Activity: Each entry needs to be retyped exactly.

[Stored dataset items]
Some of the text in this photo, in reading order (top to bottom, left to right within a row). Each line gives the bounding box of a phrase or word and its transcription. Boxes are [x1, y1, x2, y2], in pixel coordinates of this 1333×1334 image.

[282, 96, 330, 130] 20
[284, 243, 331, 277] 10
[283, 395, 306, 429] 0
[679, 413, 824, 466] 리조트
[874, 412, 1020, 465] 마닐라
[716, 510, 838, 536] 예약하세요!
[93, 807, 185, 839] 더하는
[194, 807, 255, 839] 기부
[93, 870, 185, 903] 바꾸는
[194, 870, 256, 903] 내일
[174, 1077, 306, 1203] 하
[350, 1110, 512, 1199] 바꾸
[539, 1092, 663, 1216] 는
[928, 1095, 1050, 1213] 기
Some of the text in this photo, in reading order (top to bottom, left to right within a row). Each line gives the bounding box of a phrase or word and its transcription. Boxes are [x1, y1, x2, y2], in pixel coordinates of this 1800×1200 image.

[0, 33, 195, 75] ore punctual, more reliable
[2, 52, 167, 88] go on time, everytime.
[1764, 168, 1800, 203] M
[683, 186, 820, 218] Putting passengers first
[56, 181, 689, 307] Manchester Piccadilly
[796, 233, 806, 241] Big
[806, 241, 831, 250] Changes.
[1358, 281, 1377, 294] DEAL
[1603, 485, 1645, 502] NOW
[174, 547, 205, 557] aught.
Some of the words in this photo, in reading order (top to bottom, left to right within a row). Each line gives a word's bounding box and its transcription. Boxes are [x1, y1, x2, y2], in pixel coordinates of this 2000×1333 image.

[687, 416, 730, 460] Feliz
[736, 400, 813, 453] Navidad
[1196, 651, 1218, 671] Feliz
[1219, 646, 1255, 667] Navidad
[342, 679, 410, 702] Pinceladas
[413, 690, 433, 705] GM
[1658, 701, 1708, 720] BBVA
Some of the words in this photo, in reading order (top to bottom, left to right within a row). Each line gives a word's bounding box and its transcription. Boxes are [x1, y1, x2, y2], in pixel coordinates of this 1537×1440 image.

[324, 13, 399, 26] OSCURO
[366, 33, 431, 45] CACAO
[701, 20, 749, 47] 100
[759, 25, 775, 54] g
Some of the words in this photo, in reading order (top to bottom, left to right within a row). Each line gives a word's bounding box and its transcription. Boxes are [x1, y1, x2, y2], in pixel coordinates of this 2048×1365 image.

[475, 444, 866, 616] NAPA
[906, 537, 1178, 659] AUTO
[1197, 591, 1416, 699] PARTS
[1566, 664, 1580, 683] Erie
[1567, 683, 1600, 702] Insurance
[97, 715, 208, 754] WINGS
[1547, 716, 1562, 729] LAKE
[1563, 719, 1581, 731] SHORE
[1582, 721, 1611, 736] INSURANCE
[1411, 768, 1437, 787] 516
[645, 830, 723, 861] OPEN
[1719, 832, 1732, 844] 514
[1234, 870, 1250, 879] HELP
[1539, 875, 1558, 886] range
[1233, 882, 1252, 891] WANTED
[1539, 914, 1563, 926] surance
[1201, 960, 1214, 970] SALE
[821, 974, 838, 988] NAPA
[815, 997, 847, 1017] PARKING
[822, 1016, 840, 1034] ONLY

Written solution:
Some of the text in this photo, in reading order (top to bottom, left to right within a row). Each line gives the bounding box of a phrase or word and its transcription. Boxes are [x1, y1, x2, y2], in pixel coordinates of this 1333×1334 image.

[282, 96, 330, 130] 20
[284, 243, 331, 277] 10
[283, 395, 306, 429] 0
[679, 413, 824, 466] 리조트
[874, 412, 1020, 465] 마닐라
[716, 510, 838, 536] 예약하세요!
[93, 807, 185, 839] 더하는
[194, 807, 255, 839] 기부
[93, 870, 185, 903] 바꾸는
[194, 870, 256, 903] 내일
[174, 1077, 306, 1203] 하
[350, 1110, 512, 1199] 바꾸
[539, 1092, 663, 1216] 는
[928, 1095, 1050, 1213] 기
Some of the text in this photo, in reading order (top to bottom, left to right within a row). Each line gives the bounding box of a phrase or word and its transcription. Boxes are [x1, y1, x2, y2], in pixel coordinates of this 1800×1200 image.

[0, 33, 195, 75] ore punctual, more reliable
[2, 52, 167, 88] go on time, everytime.
[1764, 168, 1800, 203] M
[683, 186, 820, 218] Putting passengers first
[56, 181, 689, 307] Manchester Piccadilly
[796, 233, 806, 241] Big
[806, 241, 831, 250] Changes.
[1358, 281, 1377, 294] DEAL
[1603, 485, 1645, 502] NOW
[174, 547, 205, 557] aught.
Some of the words in this photo, in reading order (top to bottom, left to right within a row). Each line gives a word's bounding box and its transcription. Boxes are [x1, y1, x2, y2], in pixel coordinates of this 2000×1333 image.

[687, 416, 730, 460] Feliz
[736, 400, 813, 453] Navidad
[1196, 651, 1218, 671] Feliz
[1219, 646, 1255, 667] Navidad
[342, 679, 410, 702] Pinceladas
[413, 690, 433, 705] GM
[1658, 701, 1708, 720] BBVA
Some of the words in this photo, in reading order (top to bottom, left to right within a row). Each line gives a word's bounding box and its transcription. Boxes are [x1, y1, x2, y2], in pixel coordinates of this 1537×1440 image.

[324, 13, 399, 26] OSCURO
[366, 33, 431, 45] CACAO
[701, 20, 749, 47] 100
[759, 25, 775, 54] g
Some of the words in this photo, in reading order (top to bottom, left to right within a row). Each line gives a word's bounding box and its transcription. Boxes are [x1, y1, x2, y2], in pixel coordinates of this 2048×1365 image.

[475, 444, 866, 616] NAPA
[906, 537, 1178, 659] AUTO
[1197, 591, 1416, 699] PARTS
[1566, 664, 1580, 683] Erie
[1567, 683, 1600, 702] Insurance
[97, 715, 208, 754] WINGS
[1547, 716, 1562, 729] LAKE
[1563, 719, 1581, 731] SHORE
[1582, 721, 1611, 736] INSURANCE
[1411, 768, 1437, 787] 516
[645, 830, 723, 861] OPEN
[1719, 832, 1732, 844] 514
[1234, 870, 1250, 879] HELP
[1539, 875, 1558, 886] range
[1233, 882, 1252, 891] WANTED
[1539, 914, 1563, 926] surance
[1201, 960, 1214, 970] SALE
[821, 974, 838, 988] NAPA
[815, 997, 847, 1017] PARKING
[822, 1016, 840, 1034] ONLY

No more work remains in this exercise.